Activity
Print the listing in its entirety and exactly, leaving out images.

Dataset records
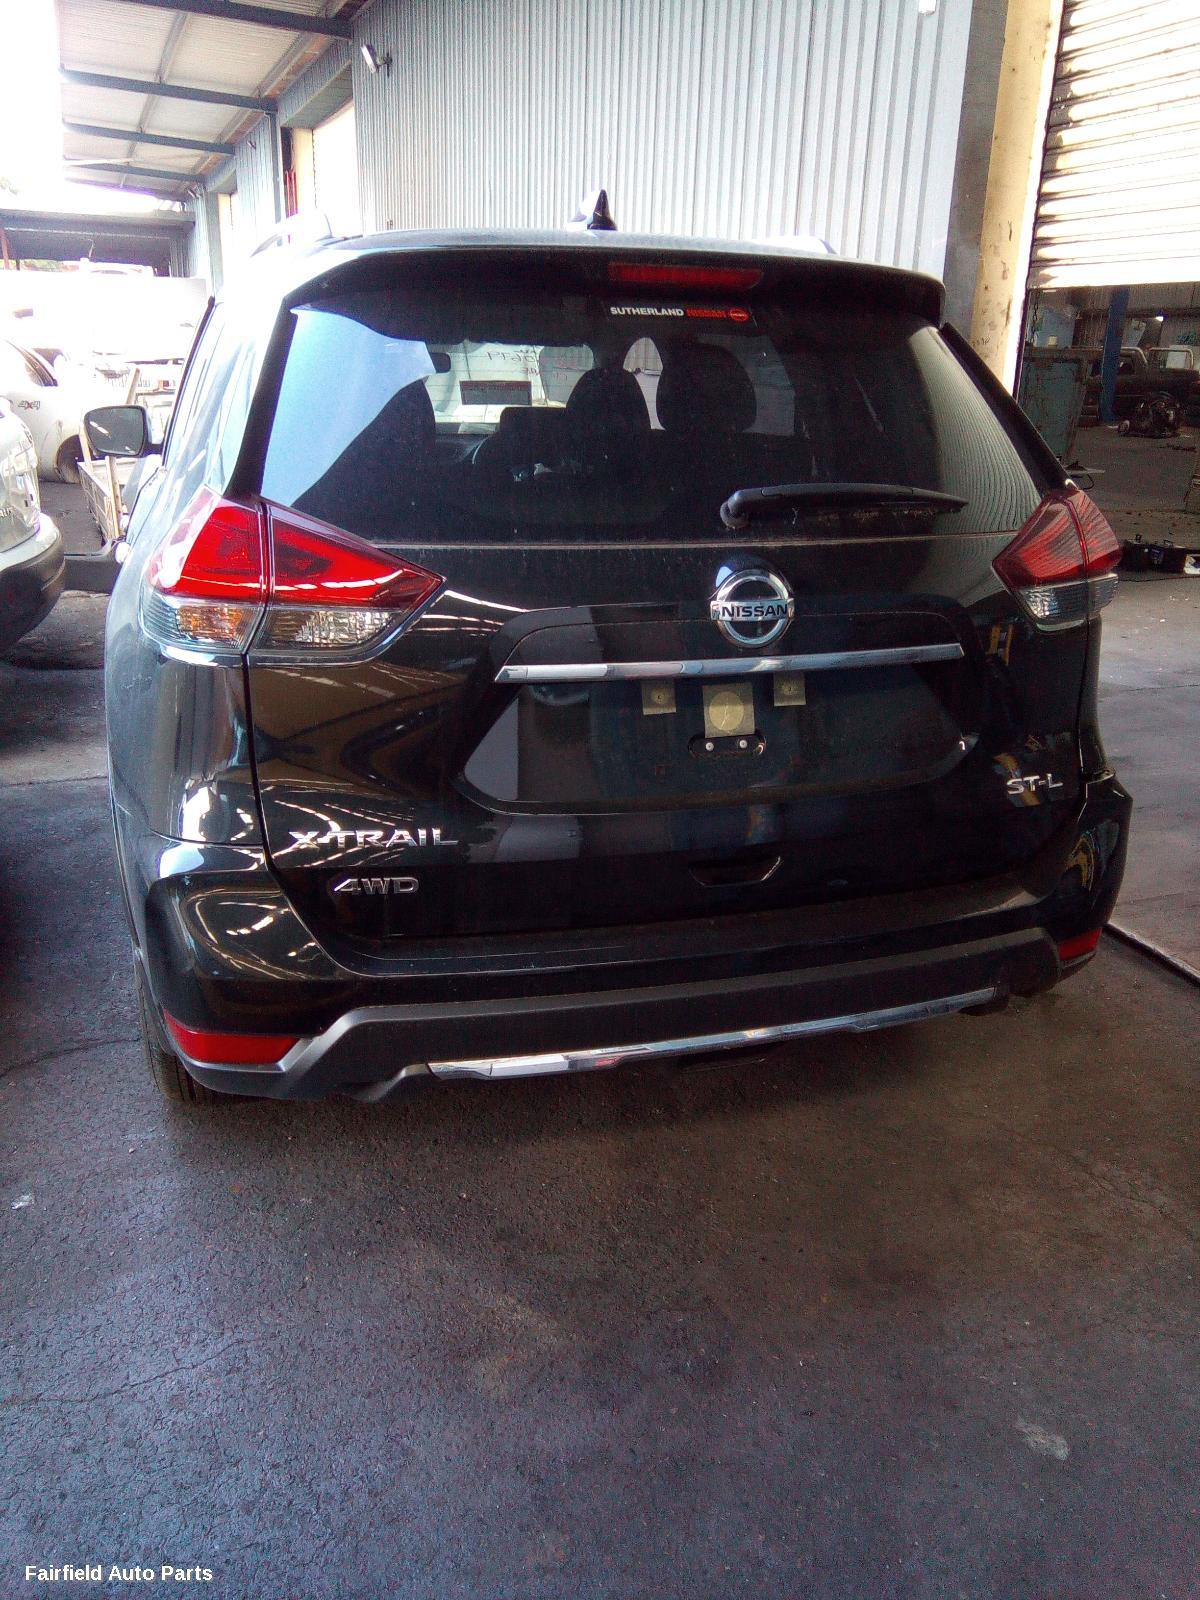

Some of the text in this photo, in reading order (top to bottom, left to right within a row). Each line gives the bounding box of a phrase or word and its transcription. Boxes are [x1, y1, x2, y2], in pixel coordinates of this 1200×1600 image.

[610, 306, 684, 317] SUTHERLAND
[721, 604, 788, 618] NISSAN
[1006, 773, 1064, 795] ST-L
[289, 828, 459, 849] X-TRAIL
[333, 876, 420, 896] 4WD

Exercise result
Some of the text in this photo, in reading order (top to bottom, left to right within a row). Each line gives the bounding box of a phrase or word and its transcription. Boxes are [x1, y1, x2, y2], in pixel coordinates of this 1200×1600 image.

[610, 306, 684, 317] SUTHERLAND
[721, 604, 788, 618] NISSAN
[1006, 773, 1064, 795] ST-L
[289, 828, 459, 849] X-TRAIL
[333, 876, 420, 896] 4WD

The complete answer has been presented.